• WHAT IS BEING ASKED: Please print out every line of the material, unchanged.

BEGIN MATERIAL SHOWN

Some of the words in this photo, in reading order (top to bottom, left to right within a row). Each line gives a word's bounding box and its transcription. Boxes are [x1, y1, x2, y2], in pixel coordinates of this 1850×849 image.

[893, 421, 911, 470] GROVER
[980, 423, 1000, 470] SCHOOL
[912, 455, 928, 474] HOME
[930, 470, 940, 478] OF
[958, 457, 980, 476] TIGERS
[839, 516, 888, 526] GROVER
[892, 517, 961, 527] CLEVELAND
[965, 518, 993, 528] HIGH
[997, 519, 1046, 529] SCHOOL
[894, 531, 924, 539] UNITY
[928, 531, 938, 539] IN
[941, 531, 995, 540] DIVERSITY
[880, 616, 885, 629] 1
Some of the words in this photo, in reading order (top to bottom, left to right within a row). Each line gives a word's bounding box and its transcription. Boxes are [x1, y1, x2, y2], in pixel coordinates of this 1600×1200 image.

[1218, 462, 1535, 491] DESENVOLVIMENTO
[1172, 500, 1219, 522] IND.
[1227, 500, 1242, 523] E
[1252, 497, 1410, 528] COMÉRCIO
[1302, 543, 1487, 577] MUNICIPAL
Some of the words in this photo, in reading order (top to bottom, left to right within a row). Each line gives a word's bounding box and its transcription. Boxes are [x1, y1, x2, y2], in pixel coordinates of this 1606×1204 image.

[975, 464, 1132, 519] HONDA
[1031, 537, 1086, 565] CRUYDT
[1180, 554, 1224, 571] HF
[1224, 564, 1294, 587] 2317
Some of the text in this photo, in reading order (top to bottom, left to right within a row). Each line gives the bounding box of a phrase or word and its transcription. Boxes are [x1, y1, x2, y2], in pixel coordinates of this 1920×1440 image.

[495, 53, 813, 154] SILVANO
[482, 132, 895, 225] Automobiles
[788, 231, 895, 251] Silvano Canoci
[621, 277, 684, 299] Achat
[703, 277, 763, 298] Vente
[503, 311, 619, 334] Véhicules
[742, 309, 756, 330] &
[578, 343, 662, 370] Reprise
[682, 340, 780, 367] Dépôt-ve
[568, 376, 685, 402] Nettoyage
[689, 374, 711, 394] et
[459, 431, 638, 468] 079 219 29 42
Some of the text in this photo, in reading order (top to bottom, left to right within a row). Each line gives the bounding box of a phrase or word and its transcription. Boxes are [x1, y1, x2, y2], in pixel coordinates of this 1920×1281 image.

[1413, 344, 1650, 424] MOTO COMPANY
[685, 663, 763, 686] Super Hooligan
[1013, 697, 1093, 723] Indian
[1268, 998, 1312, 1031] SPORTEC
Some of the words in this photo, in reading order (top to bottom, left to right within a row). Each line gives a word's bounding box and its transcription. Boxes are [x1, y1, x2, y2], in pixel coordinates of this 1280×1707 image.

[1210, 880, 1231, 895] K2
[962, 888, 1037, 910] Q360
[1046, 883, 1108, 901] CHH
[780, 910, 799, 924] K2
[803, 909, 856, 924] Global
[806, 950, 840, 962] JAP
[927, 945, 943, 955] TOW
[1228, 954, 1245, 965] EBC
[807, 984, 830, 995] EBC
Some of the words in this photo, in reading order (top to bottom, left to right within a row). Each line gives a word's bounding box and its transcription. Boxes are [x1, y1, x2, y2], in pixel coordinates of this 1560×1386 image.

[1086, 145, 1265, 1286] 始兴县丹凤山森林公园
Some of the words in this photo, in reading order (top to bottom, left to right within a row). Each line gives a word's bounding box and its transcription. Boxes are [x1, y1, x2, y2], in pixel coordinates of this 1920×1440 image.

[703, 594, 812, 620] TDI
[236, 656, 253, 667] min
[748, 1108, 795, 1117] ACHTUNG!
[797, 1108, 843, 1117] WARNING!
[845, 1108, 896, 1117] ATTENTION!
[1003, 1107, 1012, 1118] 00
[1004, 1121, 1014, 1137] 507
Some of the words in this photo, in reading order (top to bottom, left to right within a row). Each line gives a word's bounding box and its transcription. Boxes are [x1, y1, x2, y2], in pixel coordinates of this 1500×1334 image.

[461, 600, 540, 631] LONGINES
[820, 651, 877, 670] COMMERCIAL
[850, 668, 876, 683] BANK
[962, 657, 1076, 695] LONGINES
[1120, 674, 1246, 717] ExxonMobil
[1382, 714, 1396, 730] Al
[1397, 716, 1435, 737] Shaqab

END MATERIAL SHOWN

• TASK ANSWER:
Some of the words in this photo, in reading order (top to bottom, left to right within a row). Each line gives a word's bounding box and its transcription. Boxes are [x1, y1, x2, y2], in pixel coordinates of this 1850×849 image.

[893, 421, 911, 470] GROVER
[980, 423, 1000, 470] SCHOOL
[912, 455, 928, 474] HOME
[930, 470, 940, 478] OF
[958, 457, 980, 476] TIGERS
[839, 516, 888, 526] GROVER
[892, 517, 961, 527] CLEVELAND
[965, 518, 993, 528] HIGH
[997, 519, 1046, 529] SCHOOL
[894, 531, 924, 539] UNITY
[928, 531, 938, 539] IN
[941, 531, 995, 540] DIVERSITY
[880, 616, 885, 629] 1
Some of the words in this photo, in reading order (top to bottom, left to right within a row). Each line gives a word's bounding box and its transcription. Boxes are [x1, y1, x2, y2], in pixel coordinates of this 1600×1200 image.

[1218, 462, 1535, 491] DESENVOLVIMENTO
[1172, 500, 1219, 522] IND.
[1227, 500, 1242, 523] E
[1252, 497, 1410, 528] COMÉRCIO
[1302, 543, 1487, 577] MUNICIPAL
Some of the words in this photo, in reading order (top to bottom, left to right within a row). Each line gives a word's bounding box and its transcription. Boxes are [x1, y1, x2, y2], in pixel coordinates of this 1606×1204 image.

[975, 464, 1132, 519] HONDA
[1031, 537, 1086, 565] CRUYDT
[1180, 554, 1224, 571] HF
[1224, 564, 1294, 587] 2317
Some of the text in this photo, in reading order (top to bottom, left to right within a row). Each line gives the bounding box of a phrase or word and its transcription. Boxes are [x1, y1, x2, y2], in pixel coordinates of this 1920×1440 image.

[495, 53, 813, 154] SILVANO
[482, 132, 895, 225] Automobiles
[788, 231, 895, 251] Silvano Canoci
[621, 277, 684, 299] Achat
[703, 277, 763, 298] Vente
[503, 311, 619, 334] Véhicules
[742, 309, 756, 330] &
[578, 343, 662, 370] Reprise
[682, 340, 780, 367] Dépôt-ve
[568, 376, 685, 402] Nettoyage
[689, 374, 711, 394] et
[459, 431, 638, 468] 079 219 29 42
Some of the text in this photo, in reading order (top to bottom, left to right within a row). Each line gives the bounding box of a phrase or word and its transcription. Boxes are [x1, y1, x2, y2], in pixel coordinates of this 1920×1281 image.

[1413, 344, 1650, 424] MOTO COMPANY
[685, 663, 763, 686] Super Hooligan
[1013, 697, 1093, 723] Indian
[1268, 998, 1312, 1031] SPORTEC
Some of the words in this photo, in reading order (top to bottom, left to right within a row). Each line gives a word's bounding box and its transcription. Boxes are [x1, y1, x2, y2], in pixel coordinates of this 1280×1707 image.

[1210, 880, 1231, 895] K2
[962, 888, 1037, 910] Q360
[1046, 883, 1108, 901] CHH
[780, 910, 799, 924] K2
[803, 909, 856, 924] Global
[806, 950, 840, 962] JAP
[927, 945, 943, 955] TOW
[1228, 954, 1245, 965] EBC
[807, 984, 830, 995] EBC
Some of the words in this photo, in reading order (top to bottom, left to right within a row). Each line gives a word's bounding box and its transcription. Boxes are [x1, y1, x2, y2], in pixel coordinates of this 1560×1386 image.

[1086, 145, 1265, 1286] 始兴县丹凤山森林公园
Some of the words in this photo, in reading order (top to bottom, left to right within a row). Each line gives a word's bounding box and its transcription. Boxes are [x1, y1, x2, y2], in pixel coordinates of this 1920×1440 image.

[703, 594, 812, 620] TDI
[236, 656, 253, 667] min
[748, 1108, 795, 1117] ACHTUNG!
[797, 1108, 843, 1117] WARNING!
[845, 1108, 896, 1117] ATTENTION!
[1003, 1107, 1012, 1118] 00
[1004, 1121, 1014, 1137] 507
Some of the words in this photo, in reading order (top to bottom, left to right within a row). Each line gives a word's bounding box and its transcription. Boxes are [x1, y1, x2, y2], in pixel coordinates of this 1500×1334 image.

[461, 600, 540, 631] LONGINES
[820, 651, 877, 670] COMMERCIAL
[850, 668, 876, 683] BANK
[962, 657, 1076, 695] LONGINES
[1120, 674, 1246, 717] ExxonMobil
[1382, 714, 1396, 730] Al
[1397, 716, 1435, 737] Shaqab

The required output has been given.